Lo encerraron, creyeron que él era el asesino y lo enterraron en aquel calabozo. Entonces Andrés veía las paredes húmedas, donde un tierno musgo allí crecía, ya sus ojos acostumbrados a las sombras se habían vuelto más vivaces, solamente había una ventana, diminuta por donde los rayos dorados del día llegaban a su fría morada. No soy un asesino, se dijo acurrucado en un rincón. Solamente estaba él en el mundo, era un huérfano y dentro de los huérfanos olvidado. “Estoy muerto porque ya nadie me recuerda”, se dijo aquella mañana cálida.
Afuera se oían los quejidos de otros prisioneros, gritos de hombres enloquecidos por estar tanto tiempo bajo las sombras del olvido.
Aquella mañana tranquila aconteció que un gorrión se posó en la entrada de la ventana, Andrés elevó los ojos y vislumbró tan bella imagen, y por primera vez en más de cincuenta y cuatro meses de enclaustramiento derramó diáfanas lágrimas, allí estaba el gorrión, coronado por el dorado del día, con su porte imperial, era (para él) la imagen más sorprendente del mundo, ya que simbolizaba la libertad. Al verlo mejor, Andrés pudo notar que el gorrión traía en el pico una semilla, diminuta. El ave entró a la habitación de piedra y revoloteó libre dentro de aquel reducido espacio, y Andrés trató de sujetar al gorrión pero este del espanto dejó caer la semilla y salió presuroso de aquel calabozo, entonces el ave se perdió en las alturas, primero como algo diminuto, luego como un punto en el horizonte hasta que pareció fundirse con el azul del cielo.
Andrés se volvió a acurrucar, derramando lágrimas, pues eran incontenibles.
A la mañana siguiente, la pequeña compuerta de la puerta se abrió, era como una trampilla por donde pasaban los alimentos y el agua.

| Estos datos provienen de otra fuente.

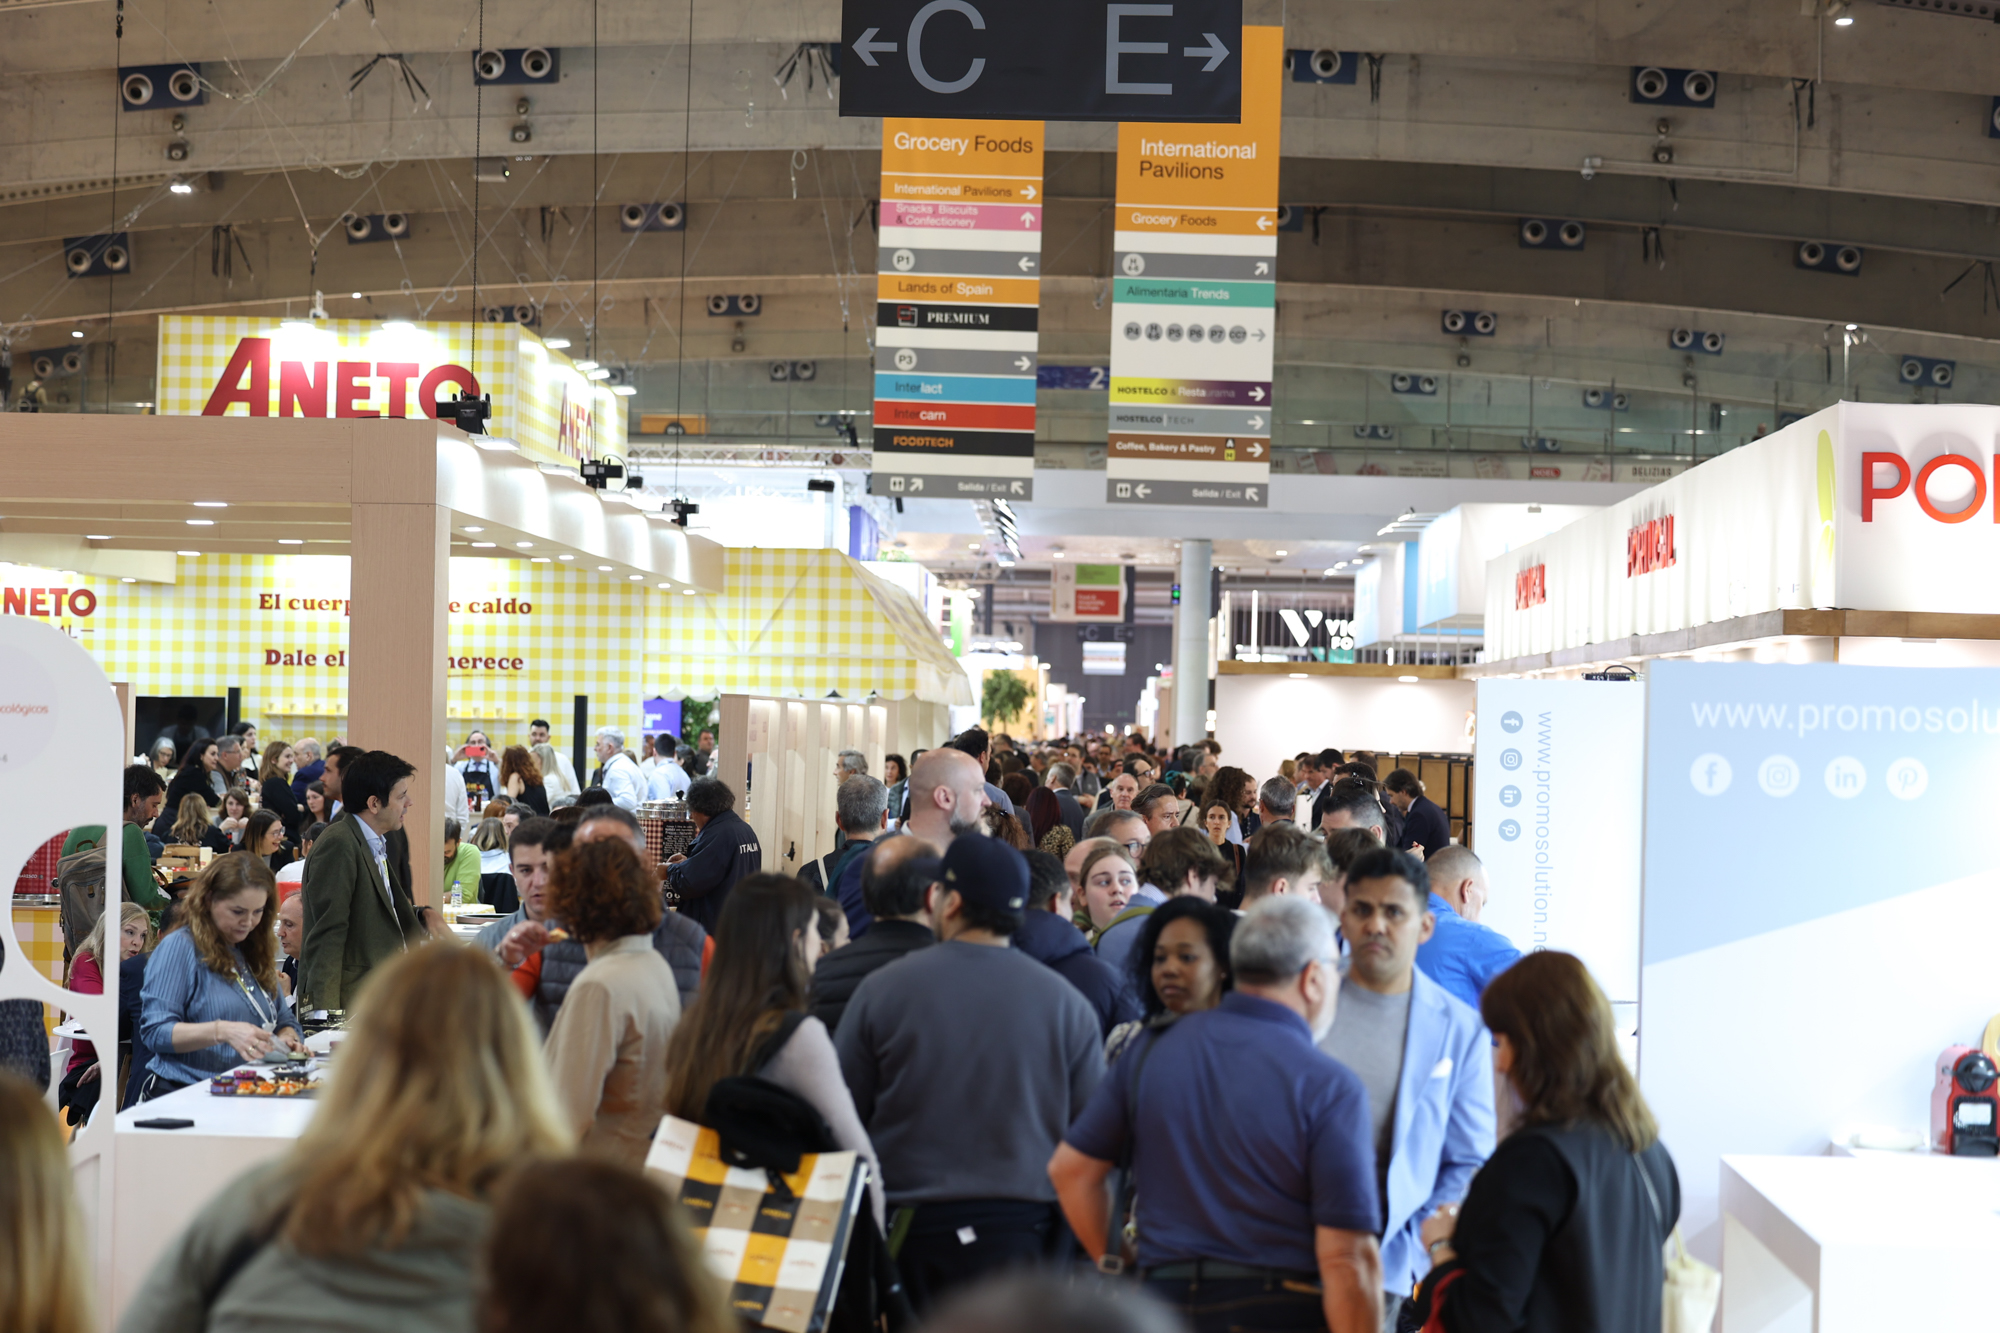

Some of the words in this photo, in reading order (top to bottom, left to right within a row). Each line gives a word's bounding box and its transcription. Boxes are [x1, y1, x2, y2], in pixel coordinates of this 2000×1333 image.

[907, 0, 986, 94] C
[1105, 4, 1174, 95] E
[894, 131, 969, 156] Grocery
[974, 135, 1034, 154] Foods
[1141, 138, 1257, 160] International
[1139, 160, 1224, 180] Pavilions
[894, 183, 961, 196] International
[963, 185, 1013, 197] Pavilions
[938, 204, 978, 216] Biscuits
[905, 215, 976, 229] Confectionery
[1131, 212, 1178, 228] Grocery
[1180, 214, 1217, 227] Foods
[896, 255, 910, 265] P1
[898, 281, 937, 294] Lands
[940, 282, 953, 294] of
[956, 282, 993, 297] Spain
[1126, 285, 1188, 298] Alimentaria
[1191, 287, 1230, 301] Trends
[927, 312, 990, 325] PREMIUM
[1126, 326, 1139, 336] P4
[1168, 328, 1181, 337] P5
[1189, 328, 1203, 338] P6
[1210, 329, 1223, 339] P7
[899, 355, 913, 365] P3
[201, 337, 481, 426] ANETO
[1089, 367, 1105, 389] 2
[895, 382, 943, 395] Interlact
[1118, 386, 1168, 396] HOSTELCO
[894, 408, 947, 421] Intercarn
[1116, 415, 1163, 424] HOSTELCO
[1167, 416, 1194, 425] TECH
[893, 436, 955, 448] FOODTECH
[1116, 441, 1147, 452] Coffee,
[1149, 443, 1178, 454] Bakery
[1188, 444, 1216, 455] Pastry
[957, 482, 985, 492] Salida
[991, 483, 1007, 493] Exit
[1192, 488, 1219, 499] Salida
[1226, 489, 1241, 499] Exit
[259, 594, 281, 610] El
[469, 598, 532, 614] caldo
[265, 649, 317, 666] Dale
[324, 650, 345, 667] el
[740, 843, 758, 854] ITALIA

Comió apresurado al pan duro y debió la mitad del vaso de agua, probó las lentejas y los huevos fritos, deleitándose de ellos.
La tarde llegó y con ella la luz lentamente se fue.

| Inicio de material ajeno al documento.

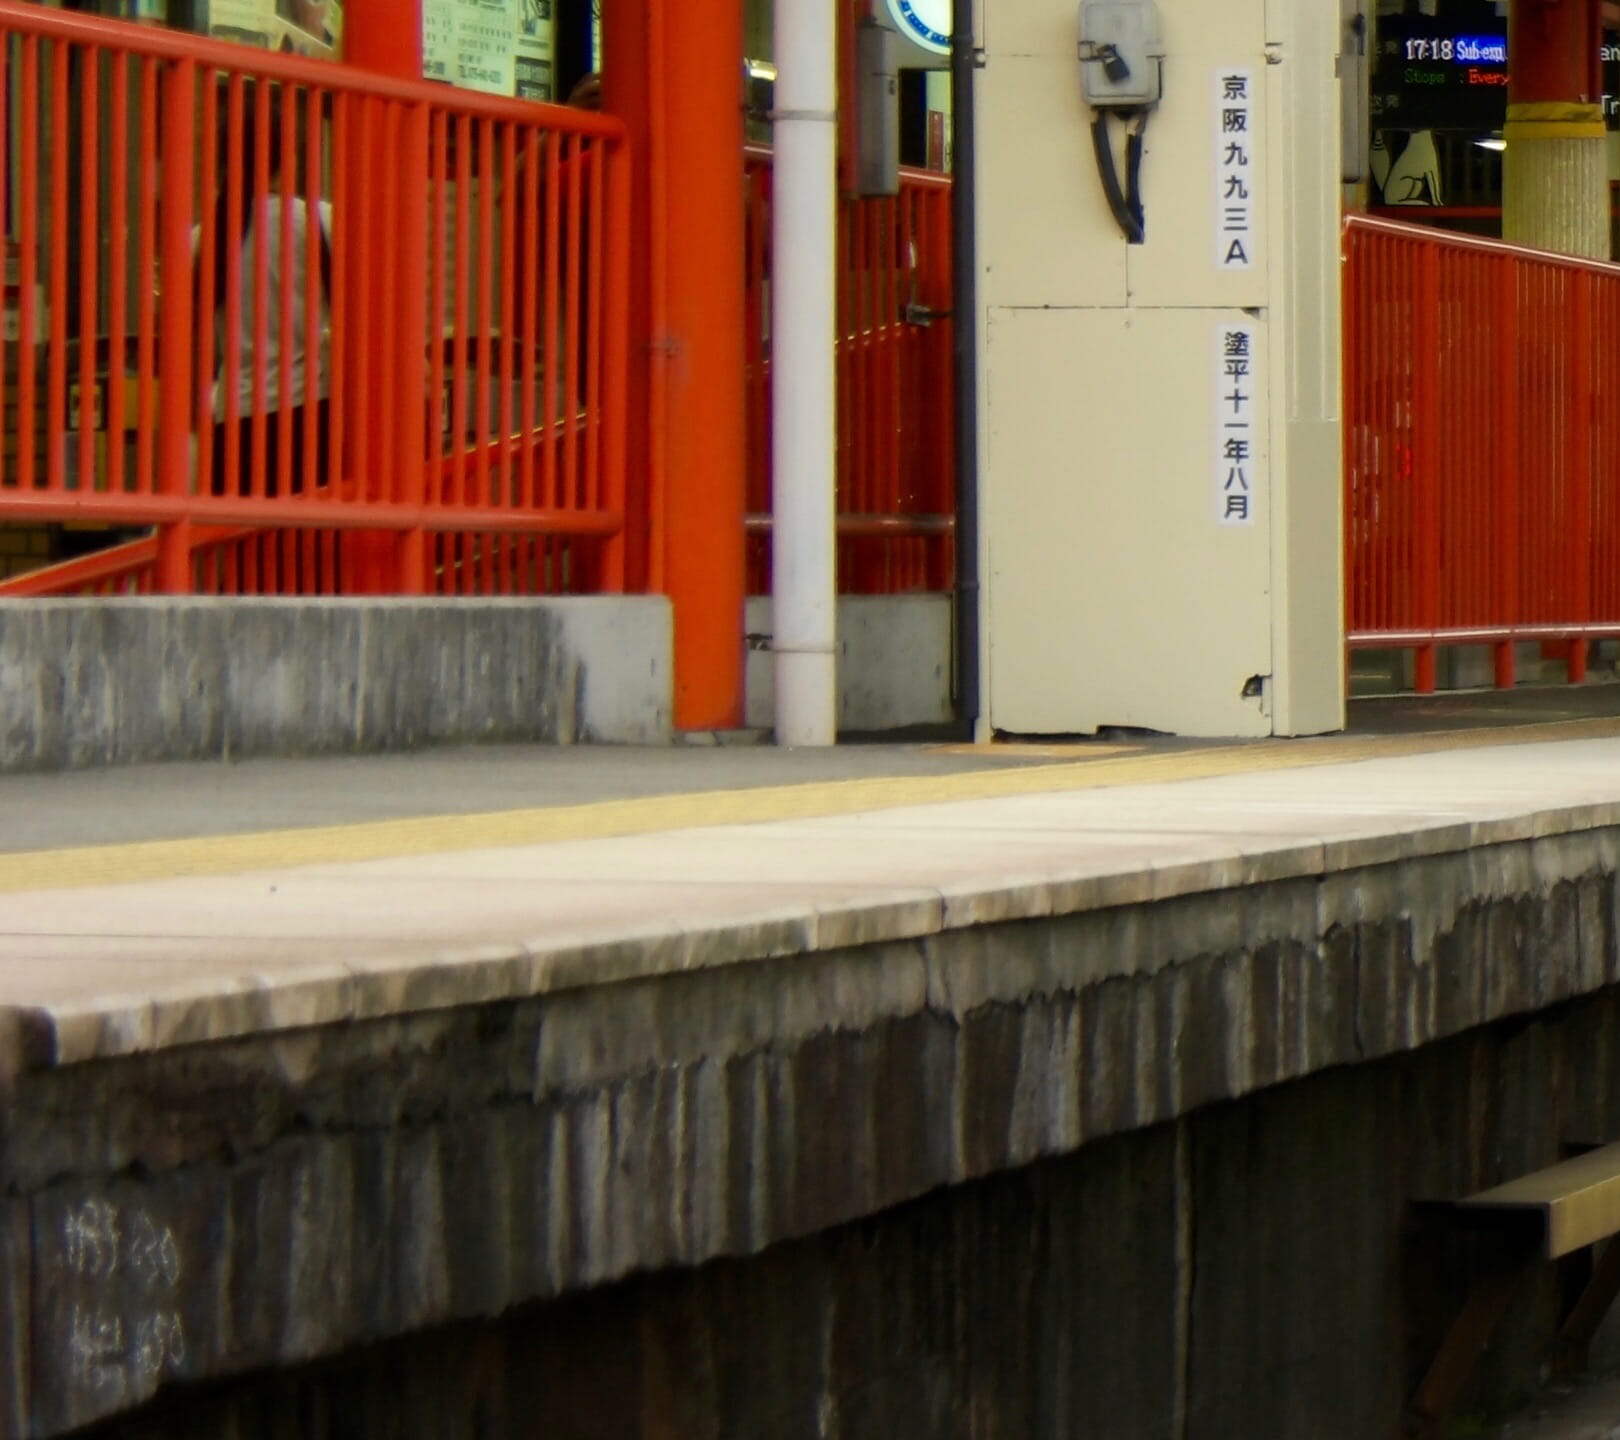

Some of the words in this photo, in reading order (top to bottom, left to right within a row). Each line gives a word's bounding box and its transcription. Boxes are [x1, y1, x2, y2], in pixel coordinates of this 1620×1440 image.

[1405, 40, 1455, 60] 17:18
[1221, 75, 1249, 265] 京阪九九三A
[1222, 330, 1250, 520] 塗平十一年八月

Así transcurrieron dos semanas, después esas semanas se volvieron en un mes.
Al despertar fijó su mirada en algo que antes no estaba allí, era una hoja, verde y hermosa bañada por unas pequeñas gotas de agua. Abrió más los ojos, y dio un grito al cielo, sin saberlo estaba sorprendido, observó mejor la hoja, la visualizó desde todos los ángulo y recordó la semilla que el gorrión traía en el pico y que dejó caer.
La compuerta se abrió y le dejaron entrar los alimentos.
Comió mientras veía aquella hoja, al poco rato la hoja era acariciada tiernamente por los rayos del sol.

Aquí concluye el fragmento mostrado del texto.